**About this task**.
In duplicating the lines below, keep every word unchanged and drop the pictures.
━━━━
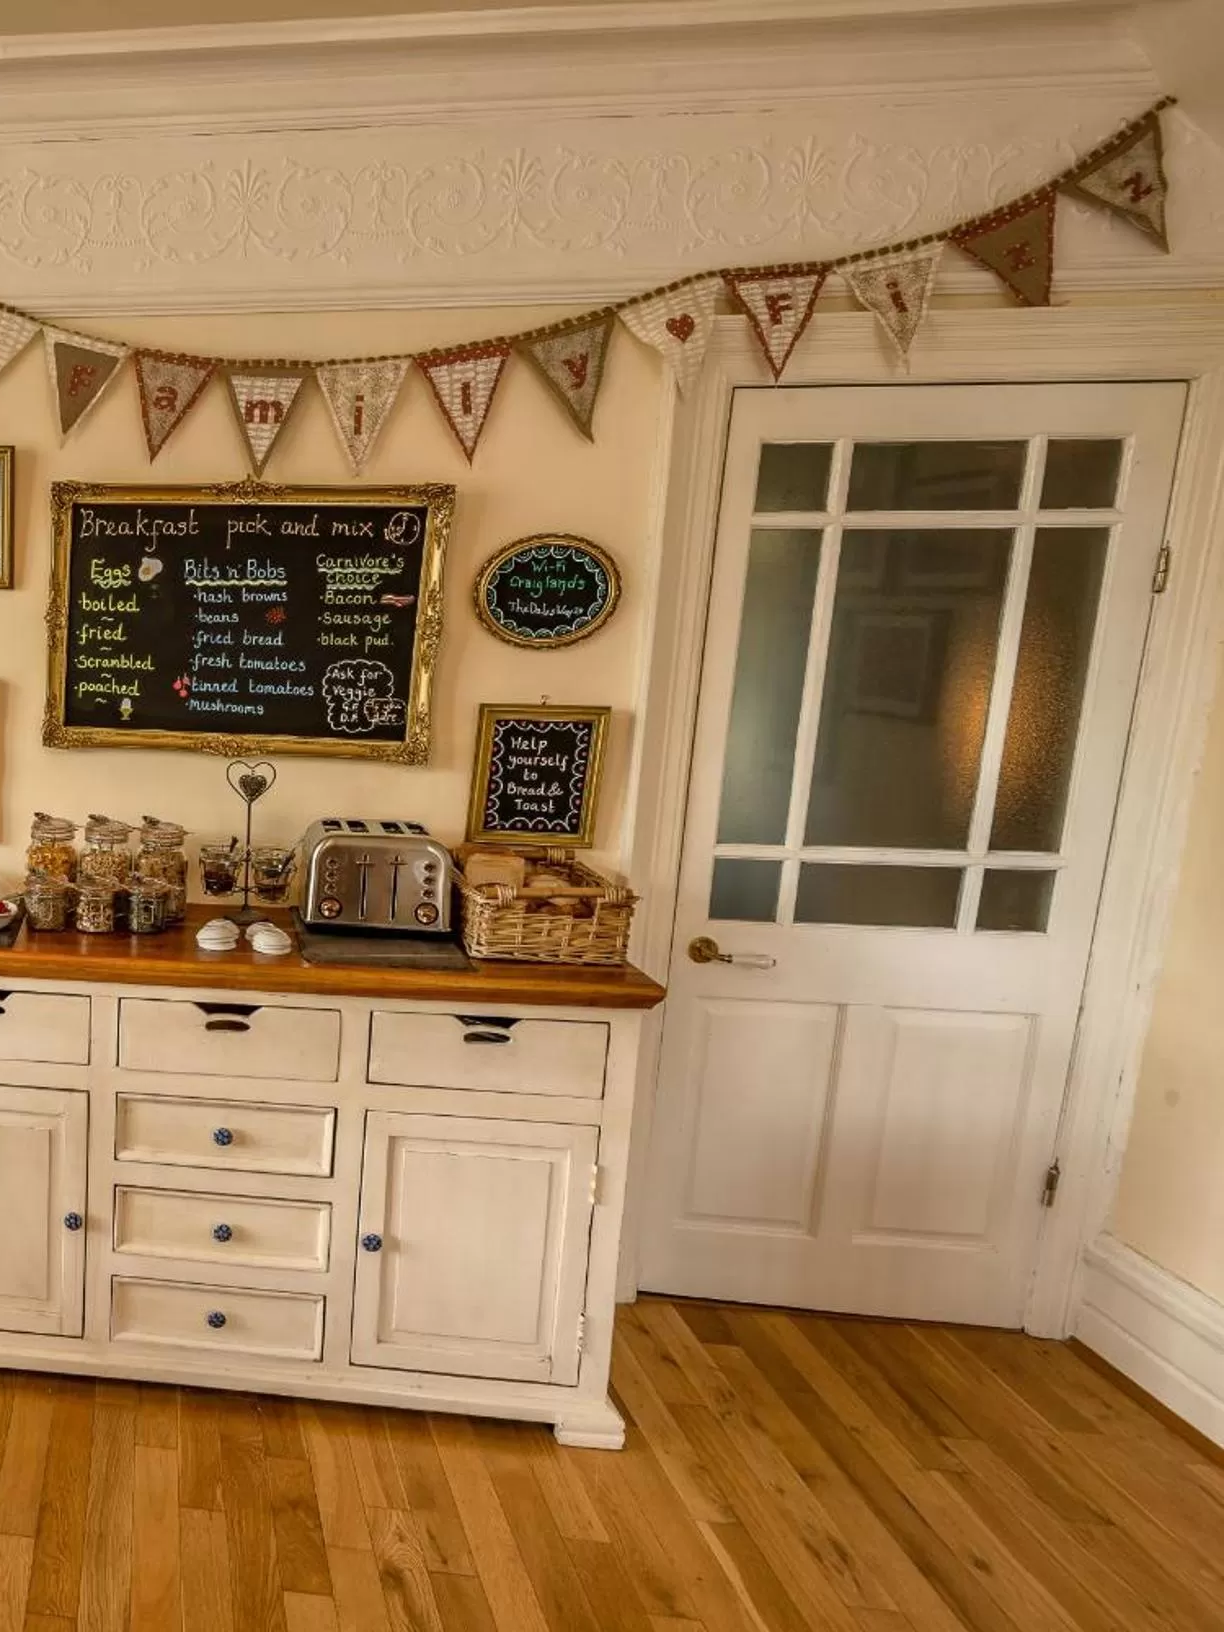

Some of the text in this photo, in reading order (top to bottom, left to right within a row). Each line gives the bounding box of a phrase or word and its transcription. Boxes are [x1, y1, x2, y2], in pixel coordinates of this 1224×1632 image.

[80, 508, 374, 552] Breakfast pick and mix
[91, 558, 131, 588] Eggs
[184, 557, 221, 579] Bits
[247, 558, 286, 579] Bobs
[531, 560, 566, 572] Wi-Fi
[81, 592, 140, 611] boiled
[198, 587, 288, 603] hash browns
[325, 591, 376, 605] Bacon
[198, 607, 239, 623] beans
[78, 622, 128, 645] fried
[193, 629, 285, 648] fried bread
[320, 632, 358, 646] black
[192, 652, 306, 672] fresh tomatoes
[191, 676, 314, 696] tinned tomatoes
[332, 667, 383, 686] Ask for
[79, 677, 140, 698] poached
[511, 736, 548, 755] Help
[507, 752, 569, 772] yourself
[523, 768, 538, 780] to
[507, 781, 545, 796] Bread
[514, 798, 556, 813] Toast
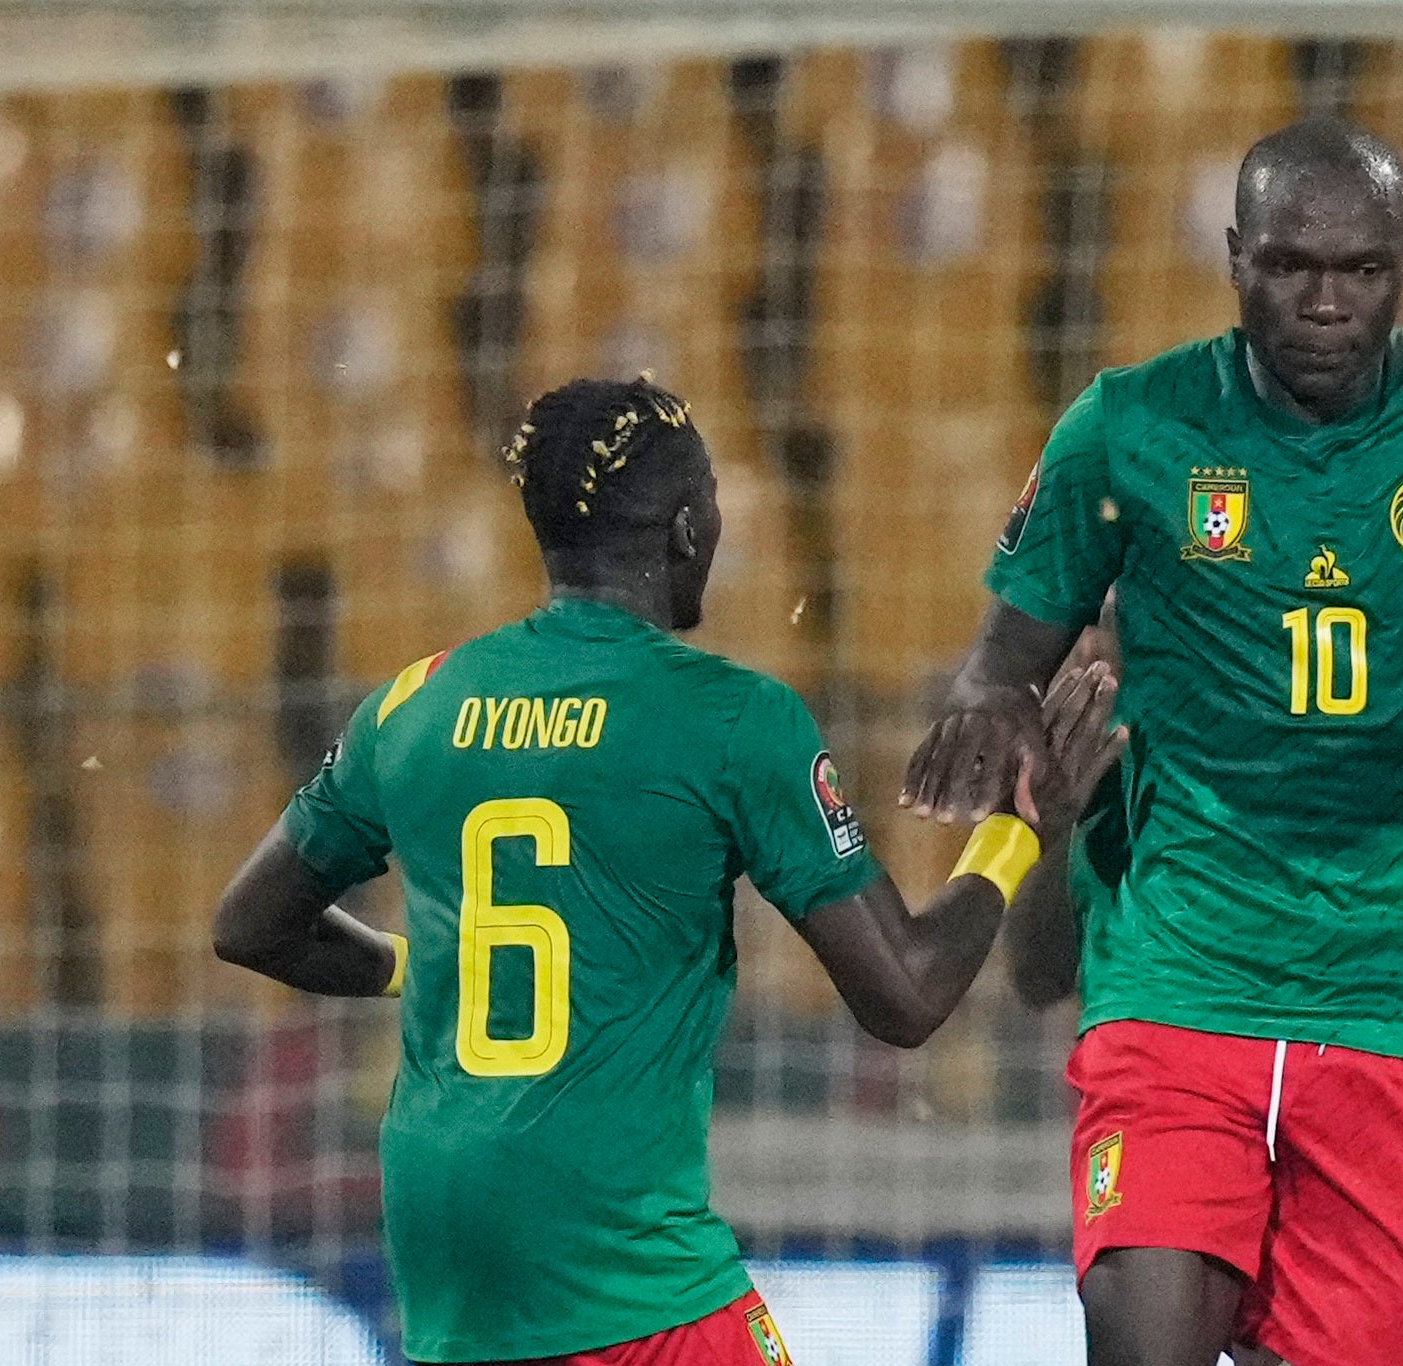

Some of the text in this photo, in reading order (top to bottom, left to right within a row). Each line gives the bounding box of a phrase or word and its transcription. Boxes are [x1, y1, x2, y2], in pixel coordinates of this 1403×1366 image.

[1282, 606, 1367, 715] 10
[452, 697, 607, 750] OYONGO
[456, 797, 571, 1077] 6
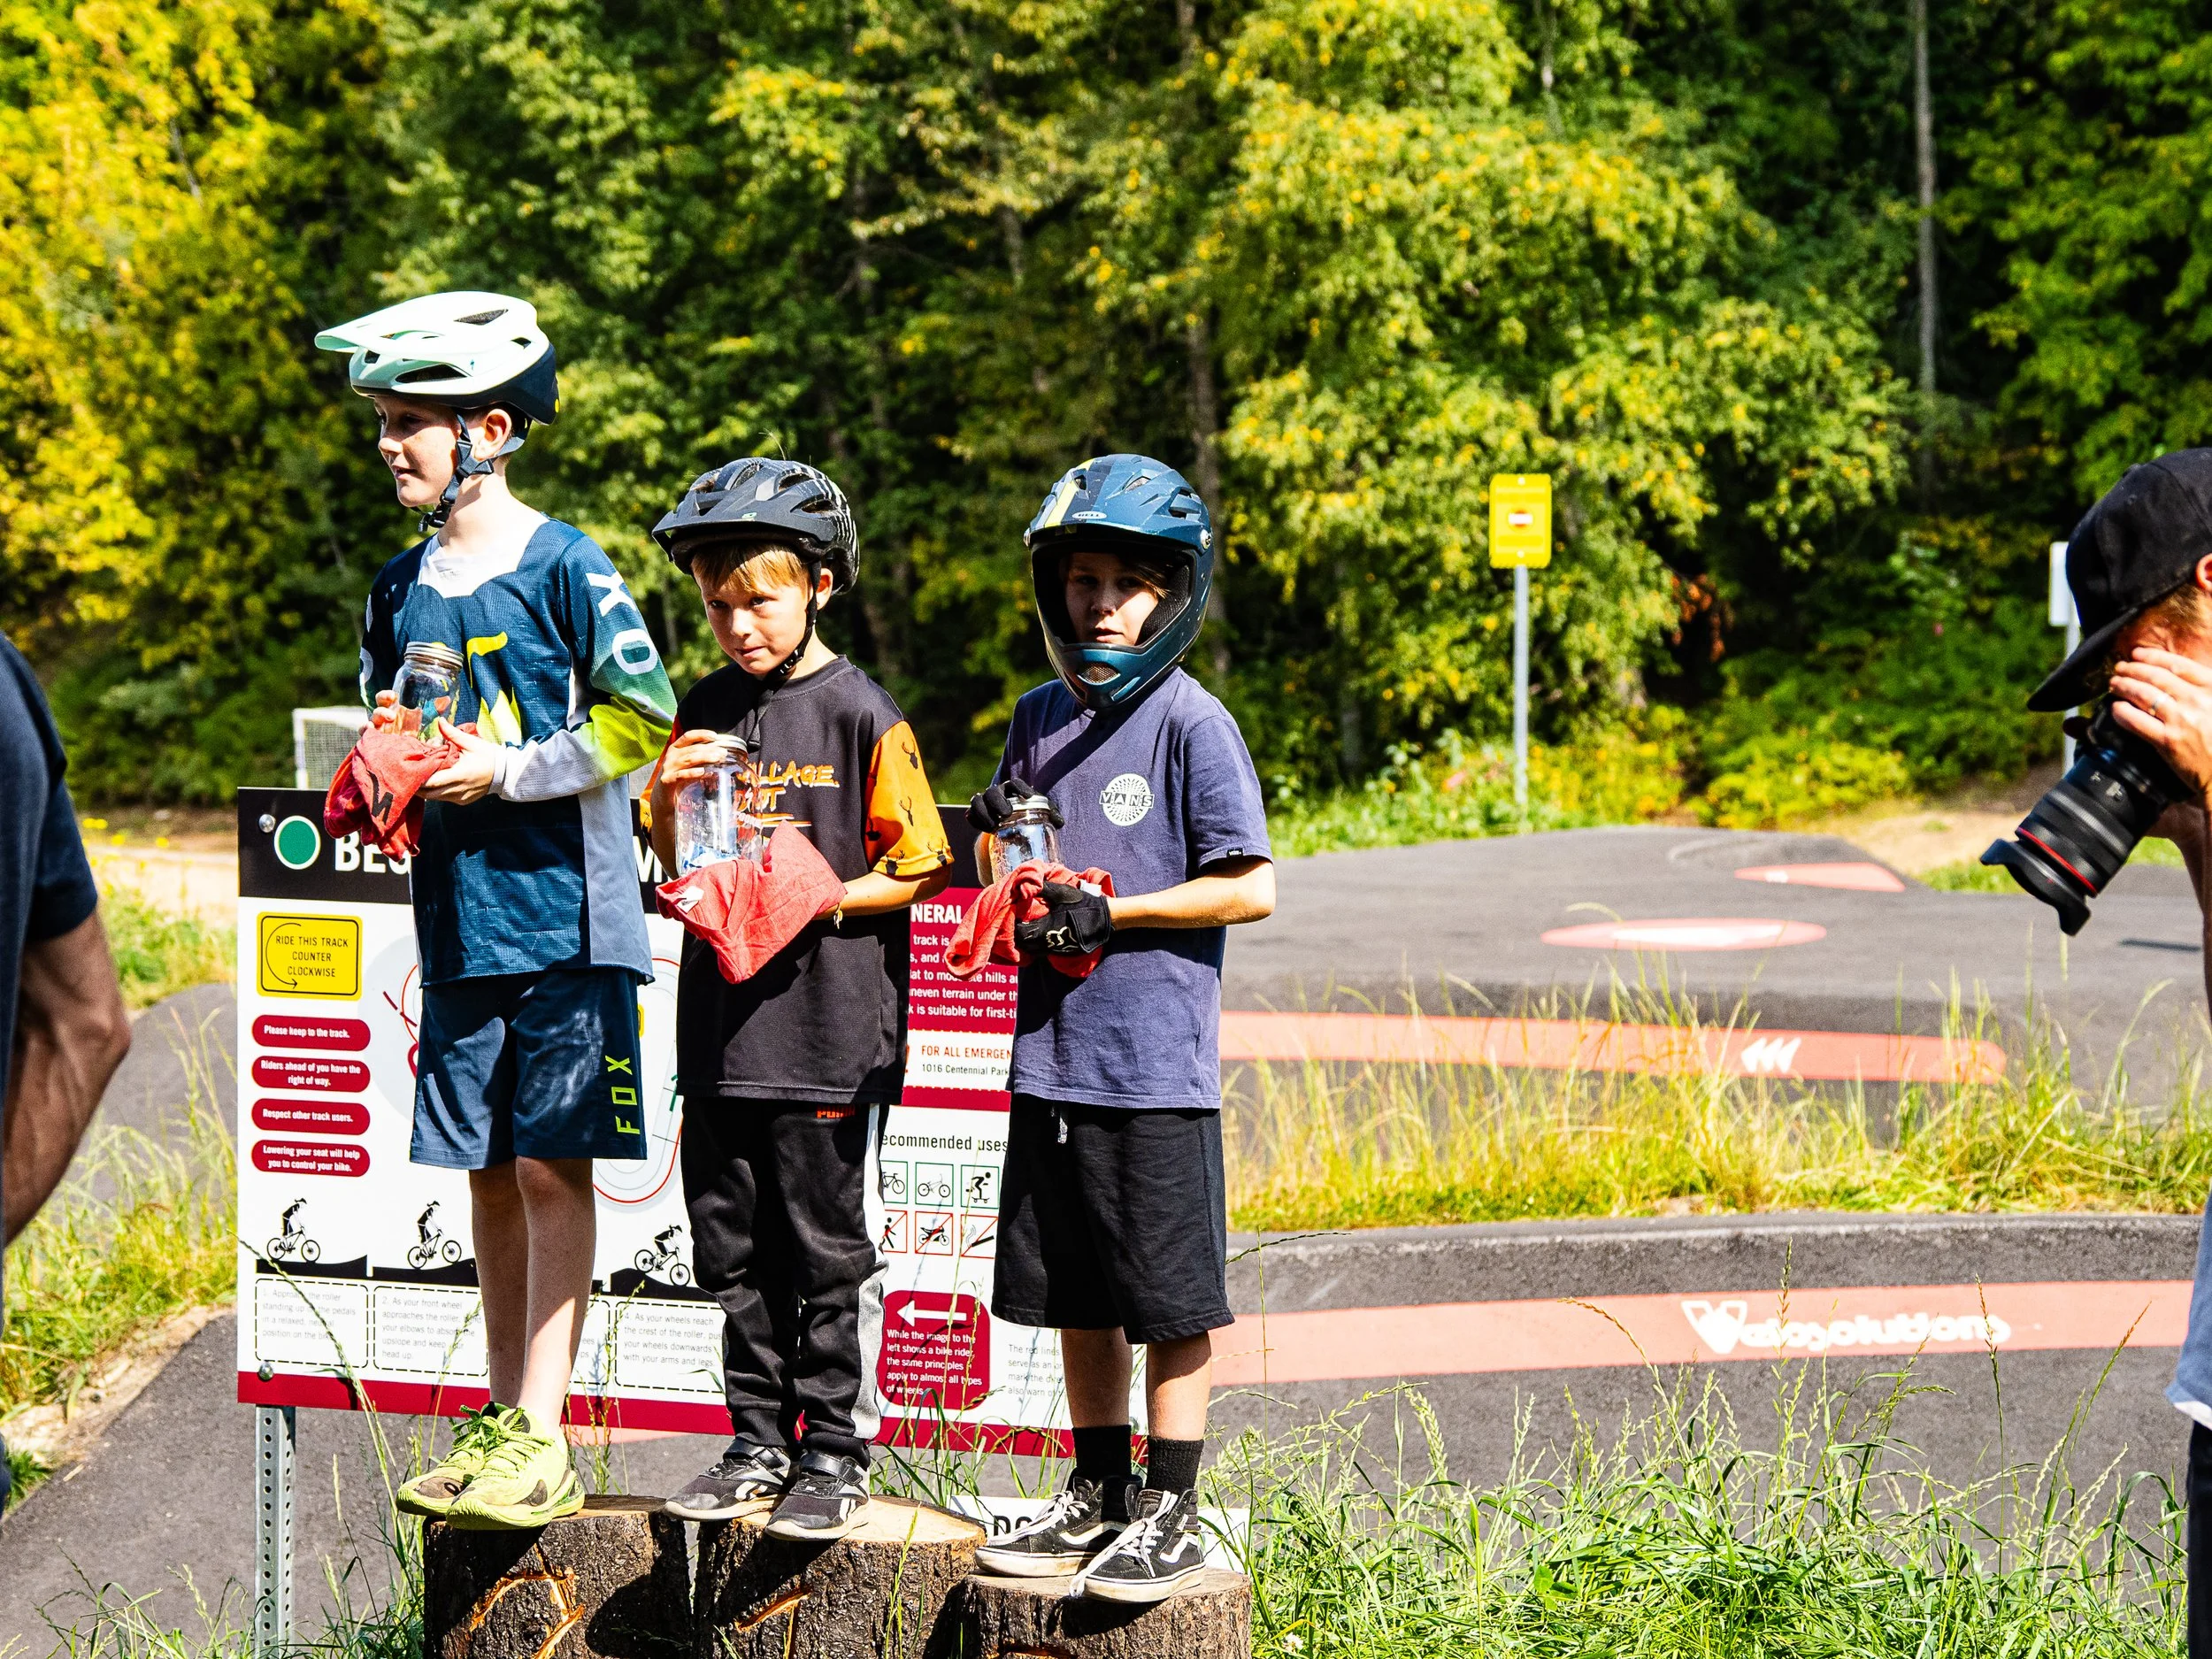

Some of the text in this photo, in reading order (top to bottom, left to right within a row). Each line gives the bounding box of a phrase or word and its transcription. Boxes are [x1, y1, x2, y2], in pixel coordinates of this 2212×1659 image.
━━━━
**Result of the exercise**.
Some of the text in this photo, in reading order (top to bottom, left to right within a row). Each line gives the bounding box of a phrase or word and its transcription. Boxes are [x1, y1, x2, y2], in pixel coordinates of this 1224×1632 image.

[80, 508, 374, 552] Breakfast pick and mix
[91, 558, 131, 588] Eggs
[184, 557, 221, 579] Bits
[247, 558, 286, 579] Bobs
[531, 560, 566, 572] Wi-Fi
[81, 592, 140, 611] boiled
[198, 587, 288, 603] hash browns
[325, 591, 376, 605] Bacon
[198, 607, 239, 623] beans
[78, 622, 128, 645] fried
[193, 629, 285, 648] fried bread
[320, 632, 358, 646] black
[192, 652, 306, 672] fresh tomatoes
[191, 676, 314, 696] tinned tomatoes
[332, 667, 383, 686] Ask for
[79, 677, 140, 698] poached
[511, 736, 548, 755] Help
[507, 752, 569, 772] yourself
[523, 768, 538, 780] to
[507, 781, 545, 796] Bread
[514, 798, 556, 813] Toast

Some of the text in this photo, in reading order (top to bottom, left to right within a row). Each line gives the bounding box of a phrase or word and its transcription. Boxes are [x1, y1, x2, y2], in pixel coordinates of this 1403×1366 image.

[1282, 606, 1367, 715] 10
[452, 697, 607, 750] OYONGO
[456, 797, 571, 1077] 6

Some of the text in this photo, in reading order (top to bottom, left to right within a row). Each line gives the bounding box of a phrase or word and its transcription. Boxes are [x1, y1, x2, y2], in pixel coordinates of this 2212×1659 image.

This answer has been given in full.